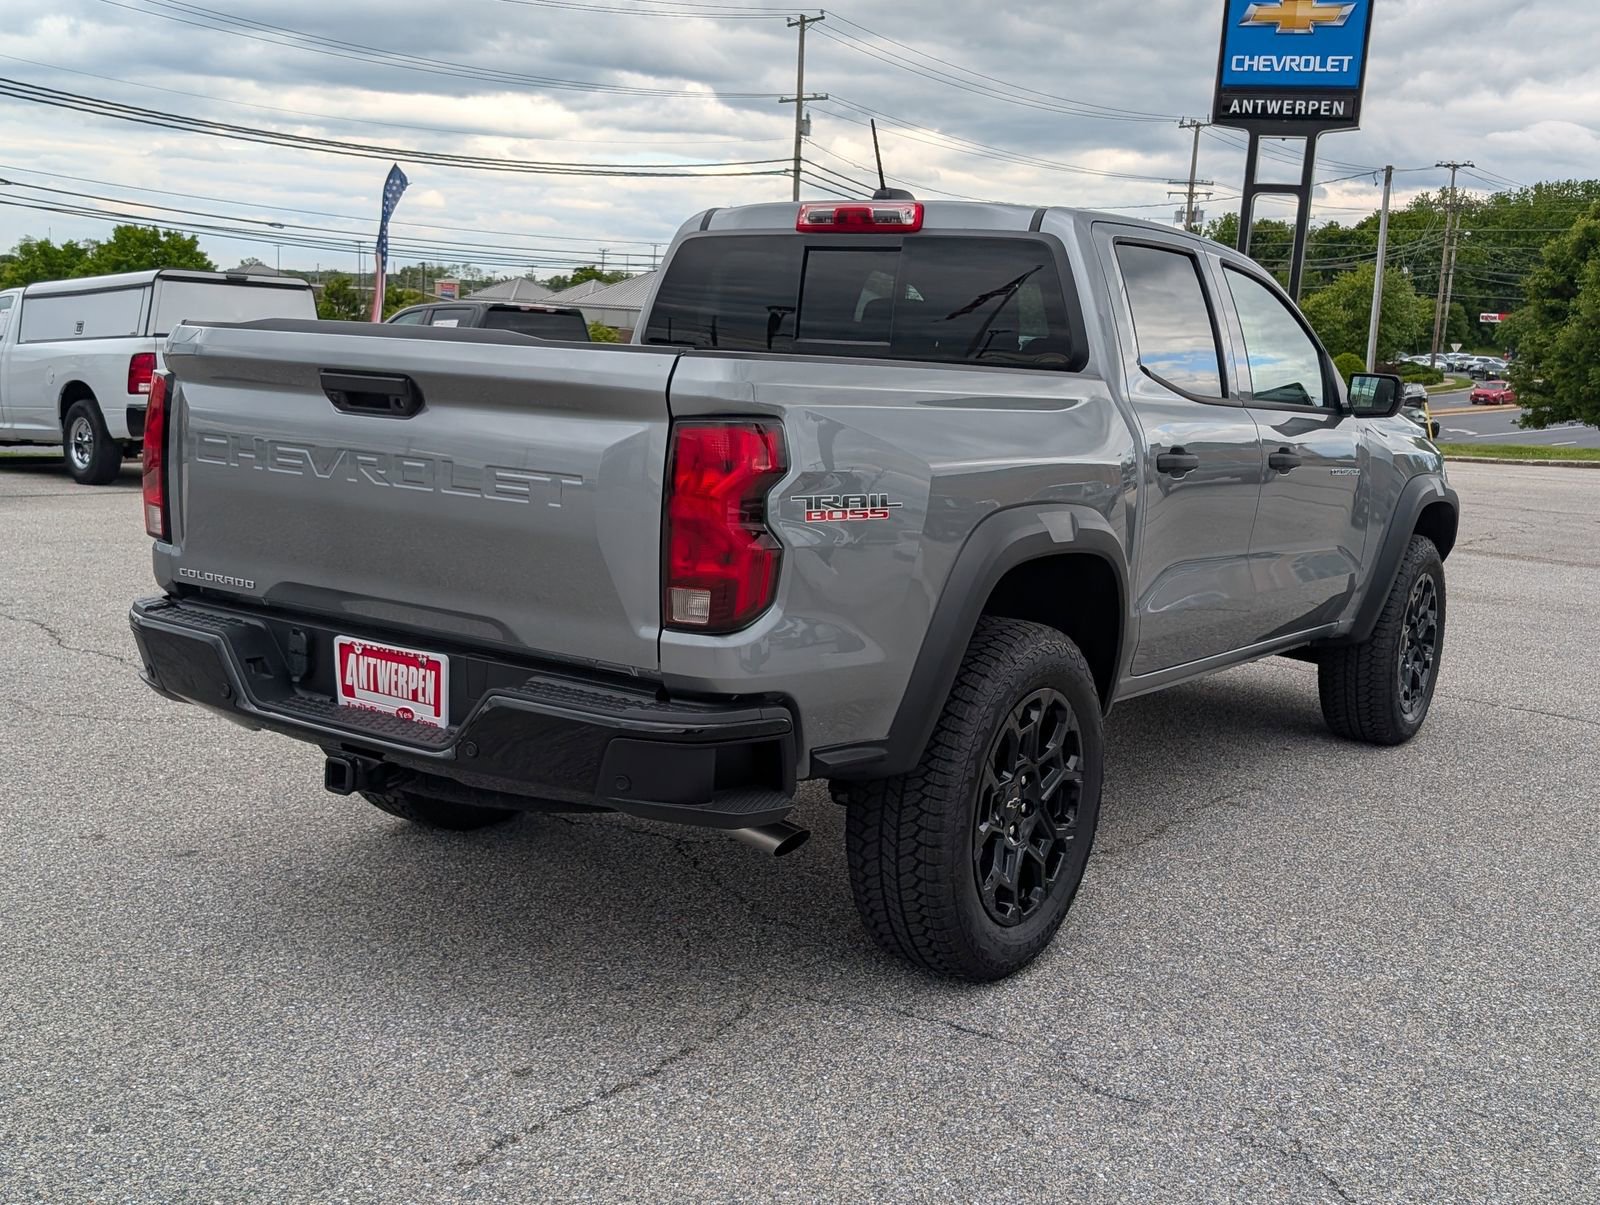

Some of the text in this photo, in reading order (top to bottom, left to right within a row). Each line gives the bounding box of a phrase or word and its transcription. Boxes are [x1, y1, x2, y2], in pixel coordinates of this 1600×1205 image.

[1231, 55, 1353, 72] CHEVROLET
[1229, 99, 1345, 115] ANTWERPEN
[197, 432, 584, 508] CHEVROLET
[791, 493, 903, 510] TRAIL
[805, 507, 889, 522] BOSS
[179, 567, 256, 589] COLORADO
[345, 652, 436, 706] ANTWERPEN
[398, 709, 412, 719] Yes

Requirement:
An exact transcription of the listing is required, and it must contain no pictures.

Output below:
Some of the text in this photo, in reading order (top to bottom, left to right within a row). Each line gives the bounding box of a phrase or word and its transcription. Boxes are [x1, y1, x2, y2], in pixel coordinates of this 1600×1205 image.

[1231, 55, 1353, 72] CHEVROLET
[1229, 99, 1345, 115] ANTWERPEN
[197, 432, 584, 508] CHEVROLET
[791, 493, 903, 510] TRAIL
[805, 507, 889, 522] BOSS
[179, 567, 256, 589] COLORADO
[345, 652, 436, 706] ANTWERPEN
[398, 709, 412, 719] Yes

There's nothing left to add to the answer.